The technology often works like traditional 3D printing, which leans on a digital blueprint to form a 3D object by dispensing material through a nozzle. In this case, however, the material is created using “bioink” made of cells instead of materials like plastic or metal, along with employing other techniques. Using patients’ cells could eliminate the need for harmful immunosuppressive medication.
Scientists are in the early stages, with many fully functional 3D printed organs potentially several decades away. As it stands, the technology can be exceedingly expensive — the cells for a heart can cost $100,000. Researchers also face other crucial challenges, such as integrating blood vessels in tissue.
Mark Skylar-Scott, an assistant professor in bioengineering at Stanford, estimates that clinical trials for smaller-scale tissue could come within the decade, while the “grand vision” of full-organ engineering remains about three decades away.
Researchers are making progress, though.
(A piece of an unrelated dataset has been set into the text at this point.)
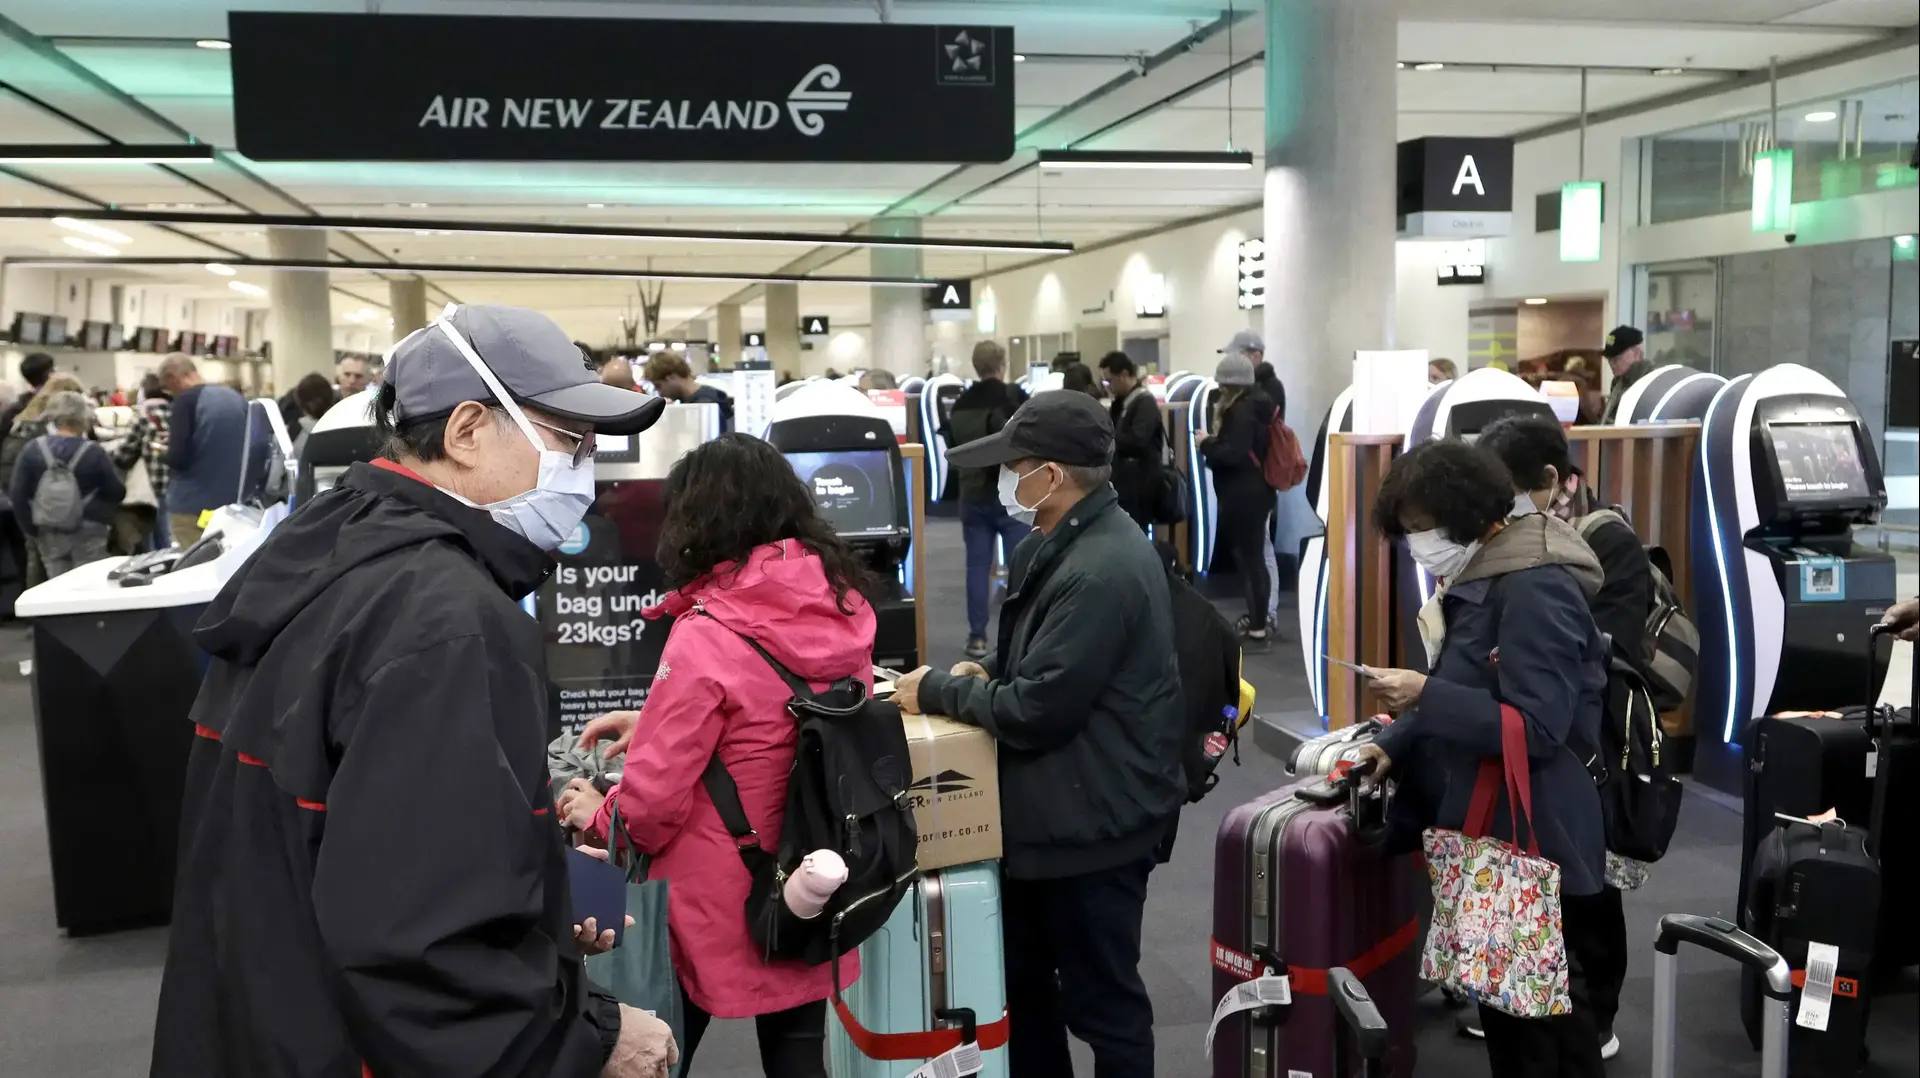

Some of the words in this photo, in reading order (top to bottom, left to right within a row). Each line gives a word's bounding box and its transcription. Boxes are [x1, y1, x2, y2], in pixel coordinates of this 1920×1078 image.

Skylar-Scott is working on printing cardiac tissue to help with congenital heart disease.
Anthony Atala, who pioneered 3D printing of organs more than a decade ago and is the director of the Wake Forest Institute for Regenerative Medicine, led a team in a NASA challenge that, along with another Wake Forest team last year, became the first to engineer and sustain human tissue outside of the body. Carnegie Mellon and Mayo Clinic reached a three-year bioengineering research agreement last month, a move that would fuel development.
Structures like skin are the least complex, followed by tubular structures like blood vessels, then organs like the bladder or stomach and solid organs like kidneys or hearts, which are the most complex, Atala said.
“They keep progressing based on their complexity of which ones will go out first to the general population,” Atala said.
3D printed ear and jaw bone structures in a cell culture medium. | Wake Forest Institute for Regenerative Medicine
Feinberg predicts clinical trials on 3D-printed cellular scaffolds that could help regrow tissue could begin within five years, as well as a printed heart in a rodent within that time frame.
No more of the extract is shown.